43. Pengecut Dan Wanita Yang Tidak Tahu Apa-Apa

10.2K 1.7K 116
                                    

Kami berjalan beriringan menuju rumah sakit, aku menggenggam tangan Davindra erat karena rumah sakit memberikan memori buruk untukku. Aku tidak tahu apa yang terjadi karena Davindra belum mnengatakan apapun sejak berangkat dari apartemen tadi. Firasatku mengatakan mungkin ini tentang ayahku mengingat rumah sakit yang kami kunjungi adalah rumah sakit Madina tempat ayahku dirawat. Hari sudah malam ketika kami sampai di rumah sakit, tapi karena pihak rumah sakit tahu siapa Davindra, mereka langsung mempersilahkan Davindra masuk bahkan mengantarkan kami sampai ke dalam.
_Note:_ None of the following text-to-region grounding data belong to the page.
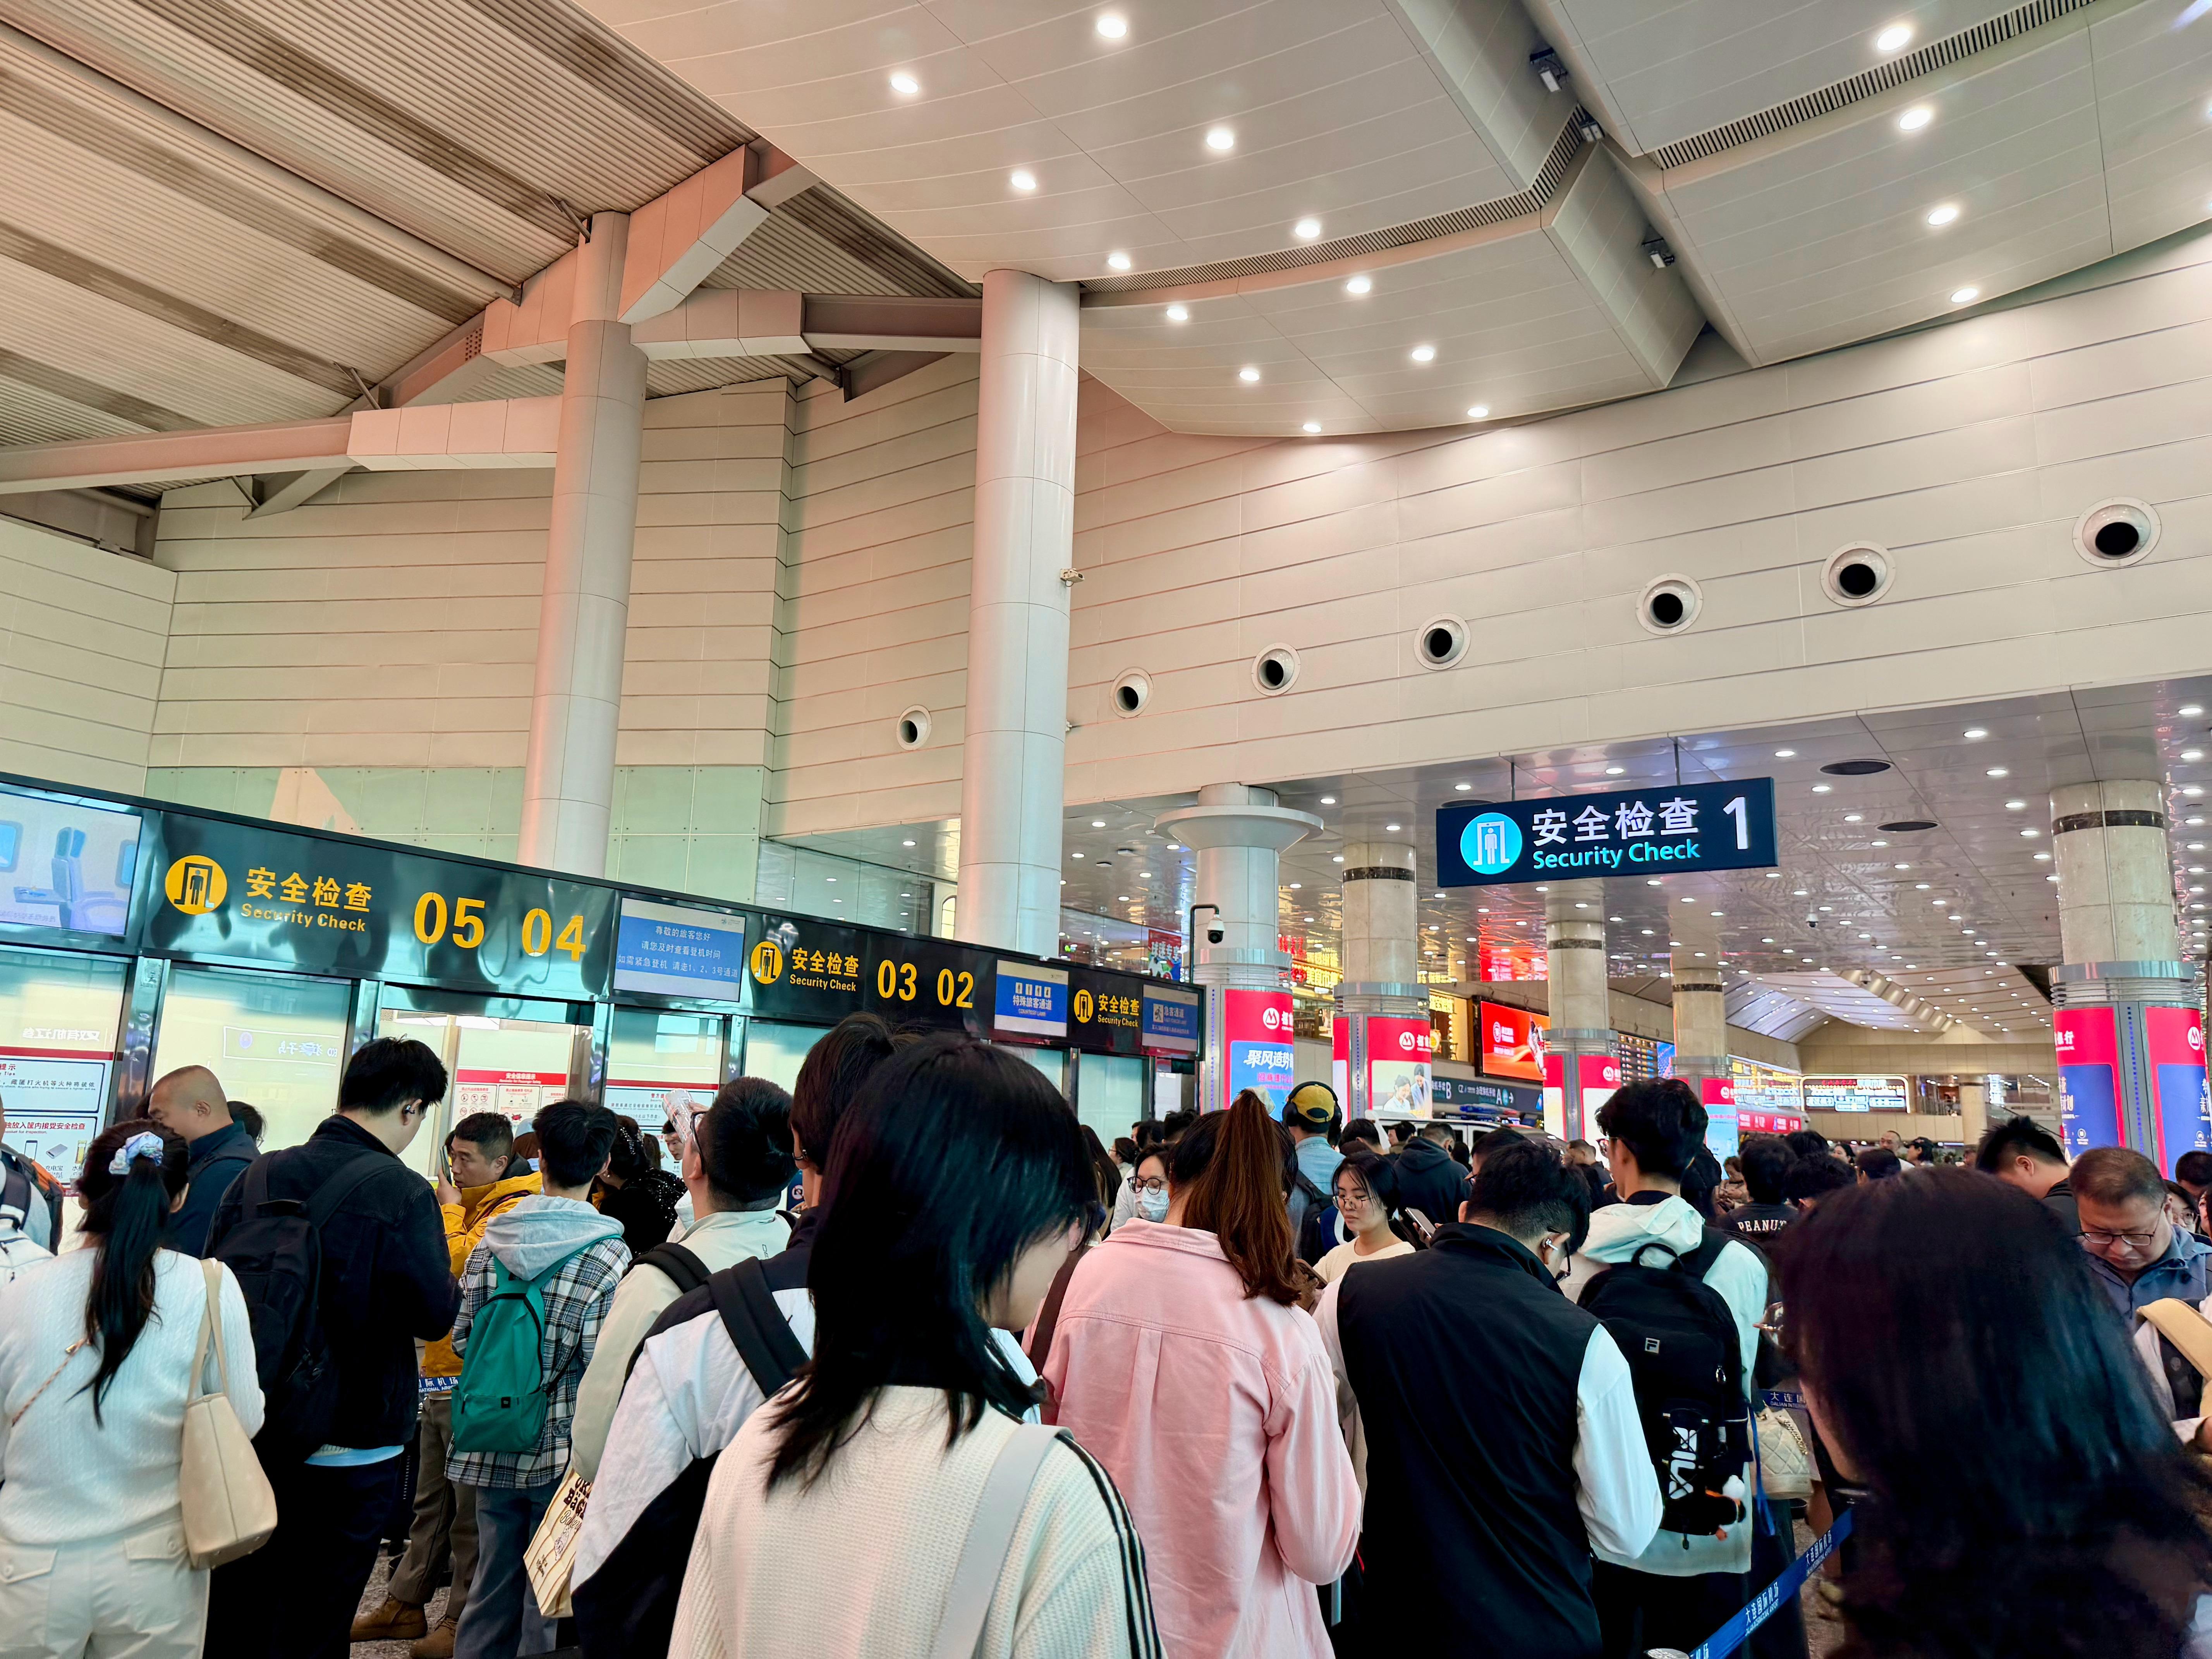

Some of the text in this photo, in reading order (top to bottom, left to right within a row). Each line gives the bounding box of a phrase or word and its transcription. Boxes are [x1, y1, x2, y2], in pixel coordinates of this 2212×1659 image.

[1532, 797, 1699, 847] 安全检查
[1723, 797, 1748, 850] 1
[1534, 839, 1700, 869] Security Check
[246, 867, 372, 912] 安全检查
[241, 903, 366, 931] Security Check
[414, 891, 588, 961] 05 04
[655, 926, 711, 941] 尊敬的旅客您好
[618, 954, 667, 969] 如需紧急登机
[641, 941, 721, 960] 请您及时查看登机时间
[792, 947, 859, 977] 安全检查
[790, 974, 856, 991] Security Check
[878, 959, 974, 1008] 03 02
[1013, 994, 1052, 1010] 特殊旅客通道
[1099, 993, 1139, 1016] 安全检查
[1098, 1014, 1138, 1027] Security Check
[2054, 1030, 2074, 1045] 银行
[1446, 1082, 1451, 1099] B
[1496, 1088, 1502, 1104] A
[1669, 1427, 1697, 1499] FILA
Davindra berhenti di pintu ruang ICU, disana sudah ada beberapa dokter senior rumah sakit Madina juga beberapa pria berseragam kepolisian. Dokter Hayat, dokter yang aku kenali sebagai dokter ahli bedah rumah sakit ini mengajak Davindra untuk bicara di ruangannya. Aku tidak tahu apa yang terjadi, tapi pastilah sesuatu yang buruk mengingat melibatkan pihak kepolisian segala. Davindra tidak melepaskan genggaman tangannya pada tanganku dan membawaku untuk ikut bicara dengan mereka.
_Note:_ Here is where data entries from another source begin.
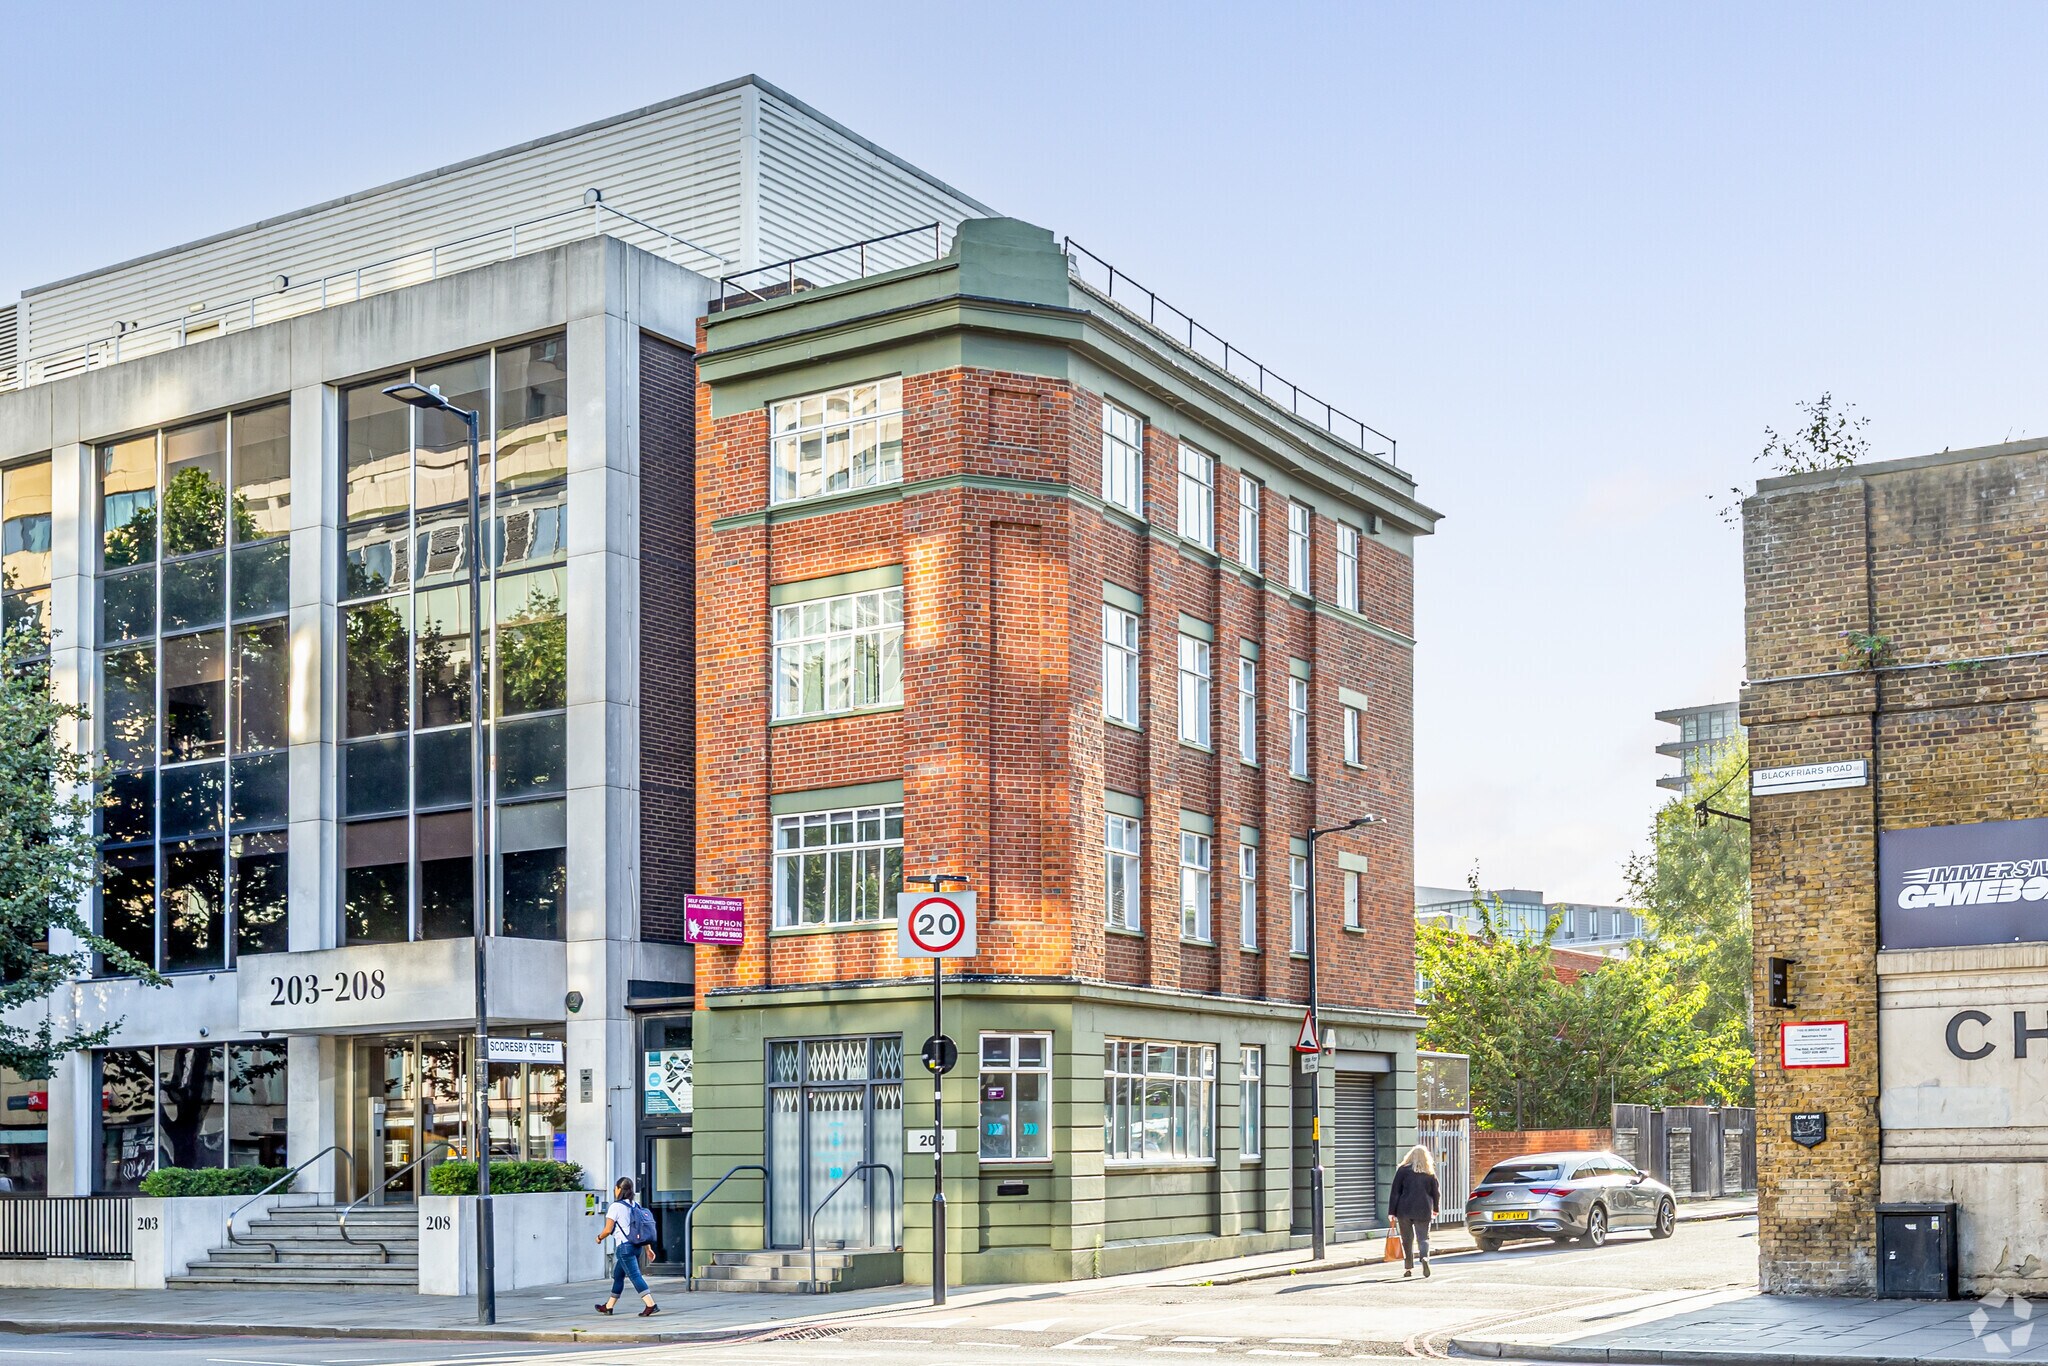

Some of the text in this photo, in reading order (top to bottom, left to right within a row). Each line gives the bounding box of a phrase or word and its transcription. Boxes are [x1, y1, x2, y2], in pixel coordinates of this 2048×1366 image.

[1761, 766, 1824, 780] BLACKFRIARS
[1826, 764, 1852, 774] ROAD
[1897, 876, 2048, 910] GAMEBO
[703, 919, 742, 927] GRYPHON
[918, 914, 957, 935] 20
[270, 969, 386, 1006] 203-208
[490, 1041, 555, 1053] SCORESBY STREET
[137, 1217, 158, 1230] 203
[426, 1216, 451, 1230] 208
Aku menutup mulutku tidak percaya mendengar keterangan dari pihak kepolisian juga dari dokter Hayat. Pak Ravindra mengalami kecelakaan tunggal, diduga pria paruh baya itu berniat bunuh diri karena mengendarai mobil dalam keadaan tidak benar-benar sadar. Pak Ravindra menabrak tembok pembatas jalan dan keadaannya sangat parah, ditambah lagi sepertinya sebelum dia menabrakan diri, pria itu dengan sengaja meminum racun yang mematikan untuk membunuh dirinya sendiri.

Davindra hanya mematung mendengar penjelasan dari pihak kepolisian tentang kornologis kecelakaan pak Ravindra dan pejelasan dari tim dokter tentang keadaan pak Ravindra. Aku tahu ini bukanlah hal mudah untuk diterima oleh Davindra, anak tetaplah seorang anak dan tidak ada satupun anak yang tidak sedih jika sesuatu yang buruk terjadi pada orangtua mereka. Akupun sulit menerima pilihan pak Ravindra yang memilih untuk mengakhiri hidupnya dengan cara tragis seperti itu, daripada memilih hidup dengan cara lebih baik untuk mnemperbaikai semua kesalahannya.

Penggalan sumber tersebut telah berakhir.